If you have a file owned by "real" root with permissions 660, and the container processes in the user namespace attempt to read it, they will be prevented from accessing it and will see the file as owned by nobody.
Here's how that might work. First, I create a file in my system owned by root.
$ sudo bash -c "echo Test > /tmp/test" $ sudo chmod 600 /tmp/test $ sudo ls -l /tmp/test -rw-------. 1 root root 5 Dec 17 16:40 /tmp/test
Next, I volume-mount the file into a container running with a user namespace map 0:100000:5000.
$ sudo podman run -ti -v /tmp/test:/tmp/test:Z --uidmap 0:100000:5000 fedora sh # id uid=0(root) gid=0(root) groups=0(root) # ls -l /tmp/test -rw-rw----. 1 nobody nobody 8 Nov 30 12:40 /tmp/test # cat /tmp/test cat: /tmp/test: Permission denied
The --uidmap setting above tells Podman to map a range of 5000 UIDs inside the container, starting with UID 100000 outside the container (so the range is 100000-104999) to a range starting at UID 0 inside the container (so the range is 0-4999). Inside the container, if my process is running as UID 1, it is 100001 on the host
Since the real UID=0 is not mapped into the container, any file owned by root will be treated as owned by nobody. Even if the process inside the container has CAP_DAC_OVERRIDE, it can't override this protection. DAC_OVERRIDE enables root processes to read/write any file on the system, even if the process was not owned by root or world readable or writable.
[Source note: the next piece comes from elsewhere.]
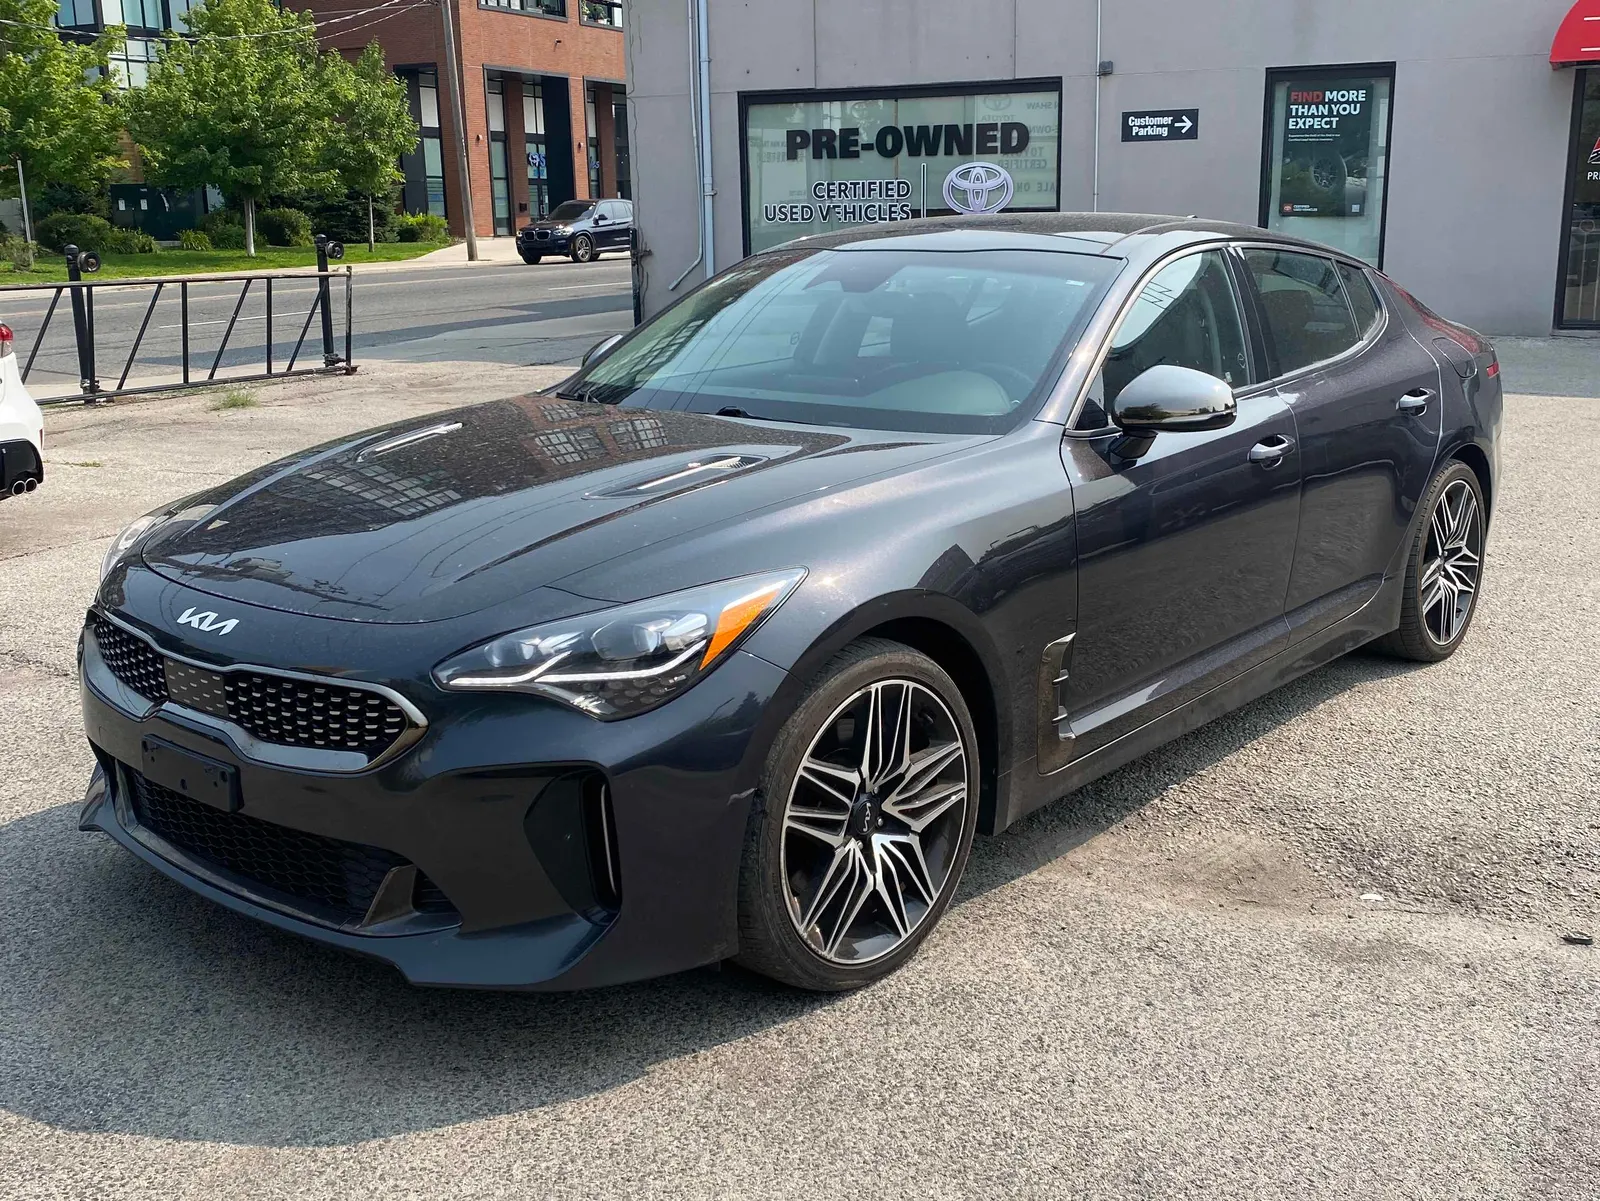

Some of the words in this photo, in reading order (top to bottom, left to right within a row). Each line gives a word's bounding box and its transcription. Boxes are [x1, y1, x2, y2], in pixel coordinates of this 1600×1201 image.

User namespace capabilities are not the same as capabilities on the host. They are namespaced capabilities. This means my container root has capabilities only within the container—really only across the range of UIDs that were mapped into the user namespace. If a container process escaped the container, it wouldn't have any capabilities over UIDs not mapped into the user namespace, including UID=0. Even if the processes could somehow enter another container, they would not have those capabilities if the container uses a different range of UIDs.
Note that SELinux and other technologies also limit what would happen if a container process broke out of the container.
Using `podman top` to show user namespaces
We have added features to podman top to allow you to examine the usernames of processes running inside a container and identify their real UIDs on the host.
Let's start by running a sleep container using our UID mapping.
$ sudo podman run --uidmap 0:100000:5000 -d fedora sleep 1000
Now run podman top:
$ sudo podman top --latest user huser USER HUSER root 100000 $ ps -ef | grep sleep 100000 21821 21809 0 08:04 ? 00:00:00 /usr/bin/coreutils --coreutils-prog-shebang=sleep /usr/bin/sleep 1000
Notice podman top reports that the user process is running as root inside the container but as UID 100000 on the host (HUSER). Also the ps command confirms that the sleep process is running as UID 100000.
Now let's run a second container, but this time we will choose a separate UID map starting at 200000.
$ sudo podman run --uidmap 0:200000:5000 -d fedora sleep 1000 $ sudo podman top --latest user huser USER HUSER root 200000 $ ps -ef | grep sleep 100000 21821 21809 0 08:04 ? 00:00:00 /usr/bin/coreutils --coreutils-prog-shebang=sleep /usr/bin/sleep 1000 200000 23644 23632 1 08:08 ? 00:00:00 /usr/bin/coreutils --coreutils-prog-shebang=sleep /usr/bin/sleep 1000
Notice that podman top reports the second container is running as root inside the container but as UID=200000 on the host.
Also look at the ps command—it shows both sleep processes running: one as 100000 and the other as 200000.
This means running the containers inside separate user namespaces gives you traditional UID separation between processes, which has been the standard security tool of Linux/Unix from the beginning.
Problems with user namespaces
For several years, I've advocated user namespace as the security tool everyone wants but hardly anyone has used. The reason is there hasn't been any filesystem support or a shifting file system.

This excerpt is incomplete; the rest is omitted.